I'm over my head again. I want to plan some slingshots and perform them in Orbiter, but apart from using already known launch trajectories (those that NASA performed), I can't wrap my mind around the method to find possible routes. I just watched BBC documentary on Voyager trips, and it said that in 70-ies a guy named Gary Flandro, using best-at-the-time IBM computer, produced thousands of slingshot possibilities, out of which several were chosen for Voyager 1 and 2 flights.

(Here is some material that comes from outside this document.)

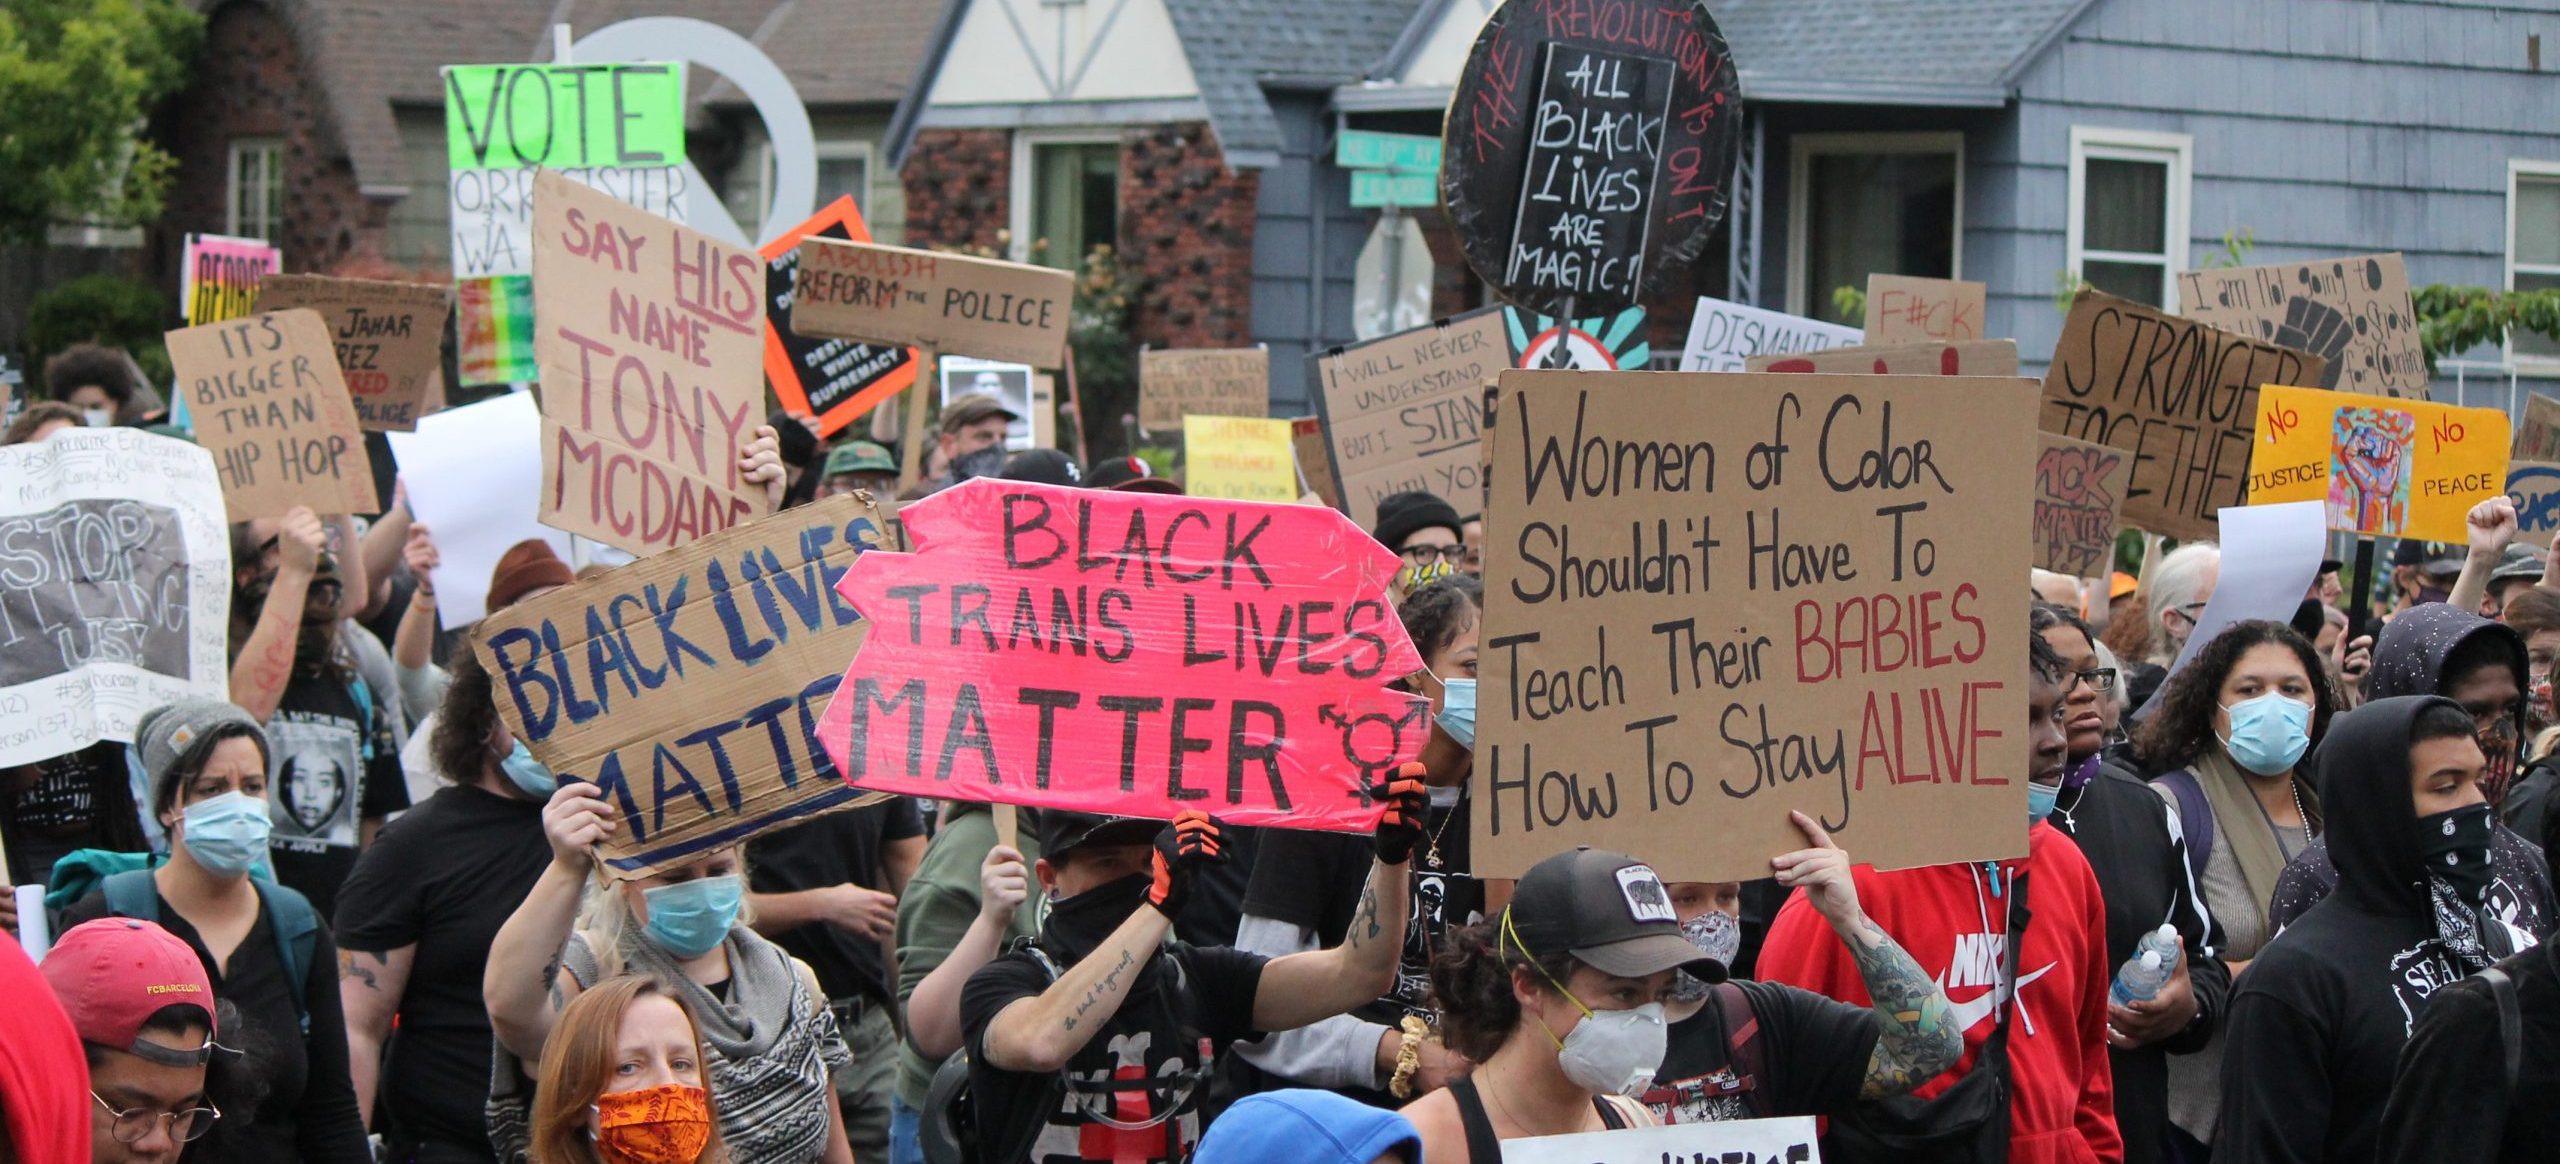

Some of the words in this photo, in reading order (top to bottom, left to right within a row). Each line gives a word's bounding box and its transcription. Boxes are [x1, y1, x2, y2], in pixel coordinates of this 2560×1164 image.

So, more than 40 years have passed since then, and I still can't find any kind of calculator, any planner software to find such routes. For example, I have an idea in Orbiter to make a fly-by of Sedna with unmanned probe, followed by manned trip some centuries later, using conventional, existing technology. I think that Jupiter-Saturn-Uranus(?) slingshot would work, but I can't work out the dates and trajectories. I'm using Celestia to eyeball the possible windows, and then TransX to find if it's possible. Been doing this for several days now, and that is very, very inefficient. I don't have a problem with fine-tunning slingshot plan with TransX, I do it pretty well, but what about finding the initial windows? It would take a lot of time to find launch windows with TransX that may occur one in 200 years or so (like Voyager window). And eye-balling just doesn't quite cut it. It's very easy to miss a very good launch window.

Is there any software that would allow some rough estimates on what slingshots are possible? You know, just basic calculation on what slingshot can be done with initial burn of chosen dV, at what dates. Then I could plan it with TransX.

Please help me out here. There must be something. I don't think guys at NASA eyeball solar system, like "all planets look on the same side that year, maybe we should launch something?".

 

[SolarLiner]

Trajectory Optimisation Tool

 

[laukejas]

Trajectory Optimisation Tool

I have this one - how do you use it for slingshots?

 

[boogabooga]

Enter multiple waypoints.

 

[laukejas]

Sorry, but could you be a little more helpful? I know how to do that - but this tool can't even find the Grand Tour route of Voyagers. Also, it doesn't have a lot of planets, like Sedna (and they aren't available for download in links provided by help reference)

 

[boogabooga]

O.K. You just need to read the manual. Adding new bodies is covered. IIRC, you have to download spice files.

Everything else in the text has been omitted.